What the vision also revealed, according to the Ginzberg tradition, was something intimate and consoling woven into the terror. Abraham learned that his father Terah had done penance and would share in the world to come. He learned that Ishmael would turn toward righteousness while Abraham was still alive. He learned that Esau's wickedness would only begin after Abraham had already died, sparing him that grief. The darkness came with gifts tucked inside it, small mercies granted to the man being asked to accept enormous suffering on behalf of his descendants.

The text records this vision as taking place during the preparation of the sacrifices, as the sun sank toward the horizon. Abraham was between states, between the living animals he had just slaughtered and the covenant that had not yet been formalized, between waking and sleep, between promise and dread. The smoking furnace and flaming torch that passed between the pieces were not symbolic decoration. They were Gehenna and Sinai, the two poles around which all of Jewish history would orbit.

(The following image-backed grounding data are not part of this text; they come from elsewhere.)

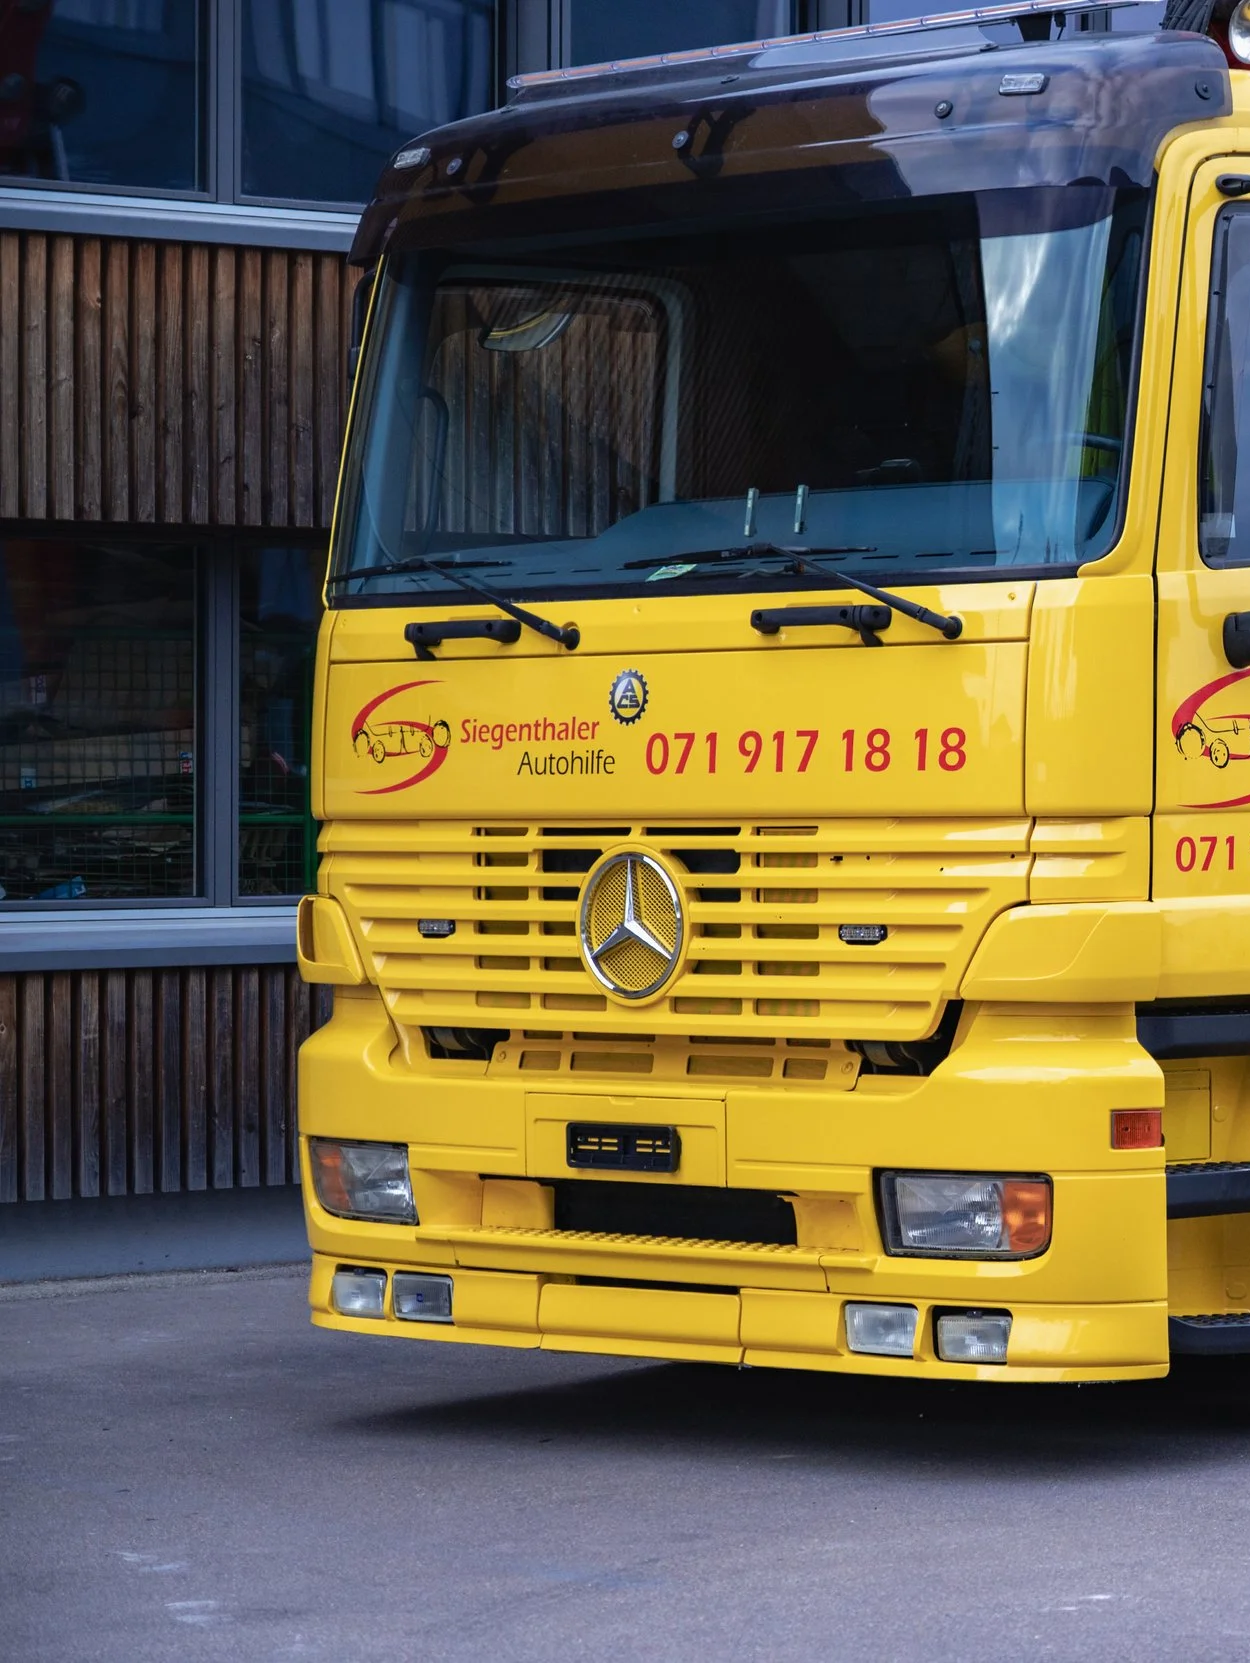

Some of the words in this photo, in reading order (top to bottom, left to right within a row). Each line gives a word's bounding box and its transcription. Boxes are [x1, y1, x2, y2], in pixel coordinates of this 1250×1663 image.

[460, 716, 600, 751] Siegenthaler
[645, 732, 719, 775] 071
[738, 729, 820, 773] 917
[842, 728, 892, 772] 18
[914, 727, 967, 772] 18
[517, 750, 615, 776] Autohilfe
[1175, 836, 1236, 873] 071
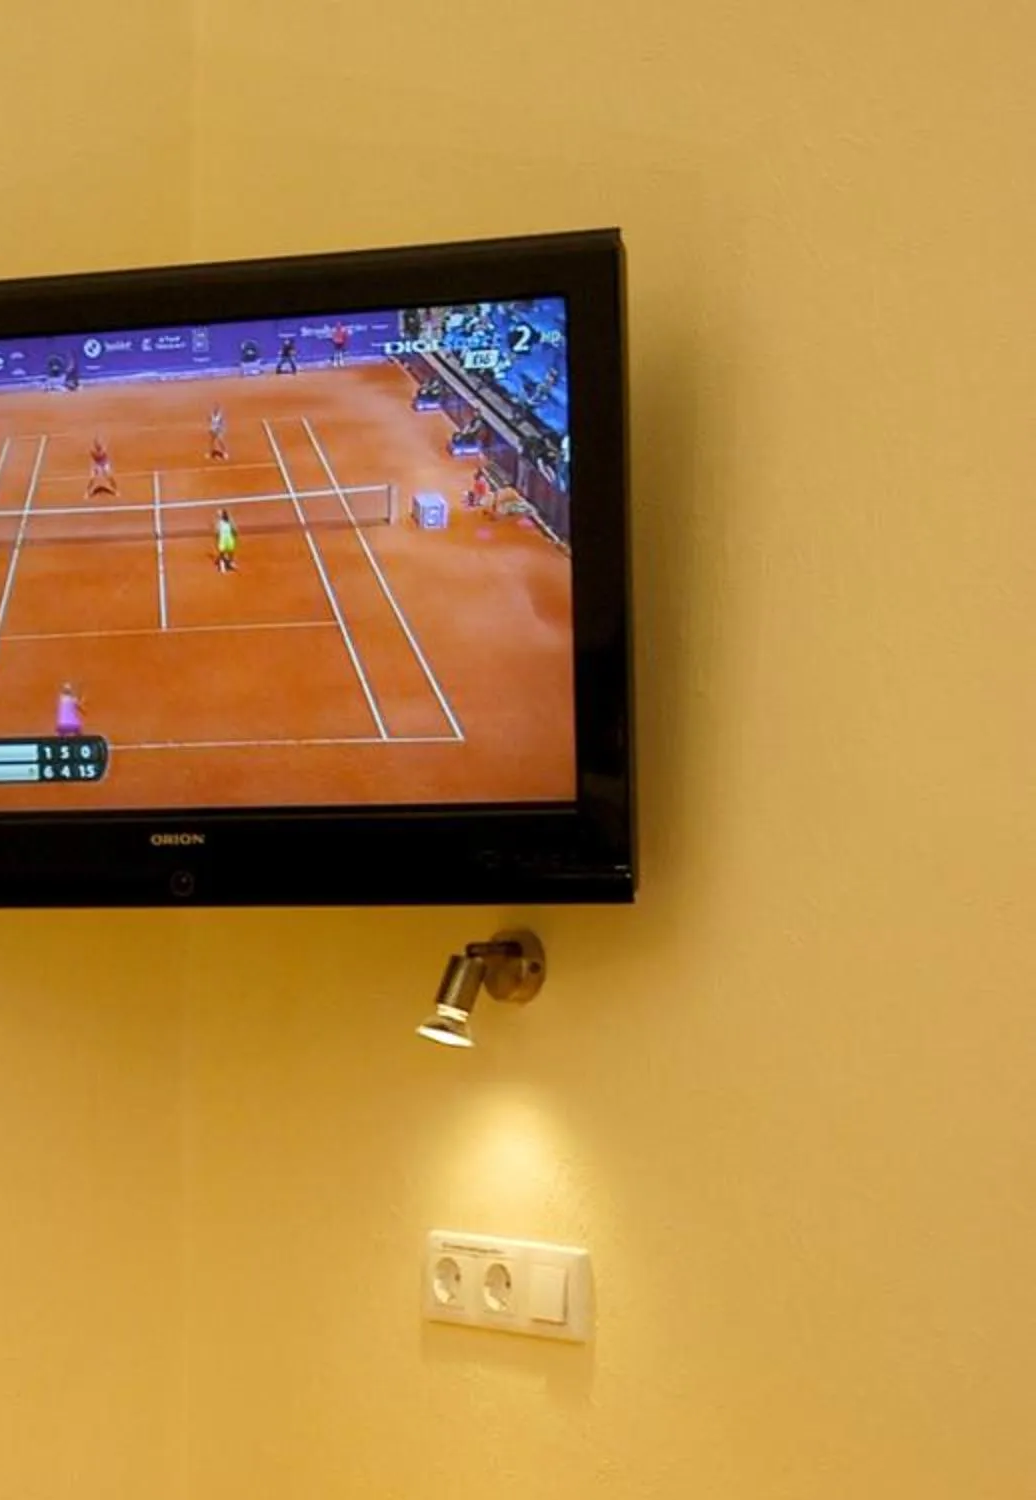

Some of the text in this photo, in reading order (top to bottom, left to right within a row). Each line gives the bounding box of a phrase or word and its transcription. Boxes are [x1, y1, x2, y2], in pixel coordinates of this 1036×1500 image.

[512, 325, 532, 351] 2
[43, 745, 92, 760] 1 5 0
[43, 764, 96, 780] 6 4 15
[150, 833, 206, 847] ORION

When Abram woke, the sun had set completely. Fire moved between the pieces. The covenant was sealed. He had not escaped the vision. He had passed through it. And the rabbis who studied this passage believed that every exile Israel would ever suffer was already present in that deep sleep, already accepted, already folded into the founding promise of the nation. The covenant did not come despite the darkness. It came through it.

There is a reason the ceremony involved split animals rather than a simple declaration. The covenant required Abram to pass through the space between dead things, to walk through the evidence of mortality before receiving the promise of inheritance. The furnace and the flame that God sent through those pieces were not separate from the covenant. They were part of it. The darkness of the vision and the binding of the promise belonged to the same ritual. Abram received both together, and could not have the second without first passing through the first.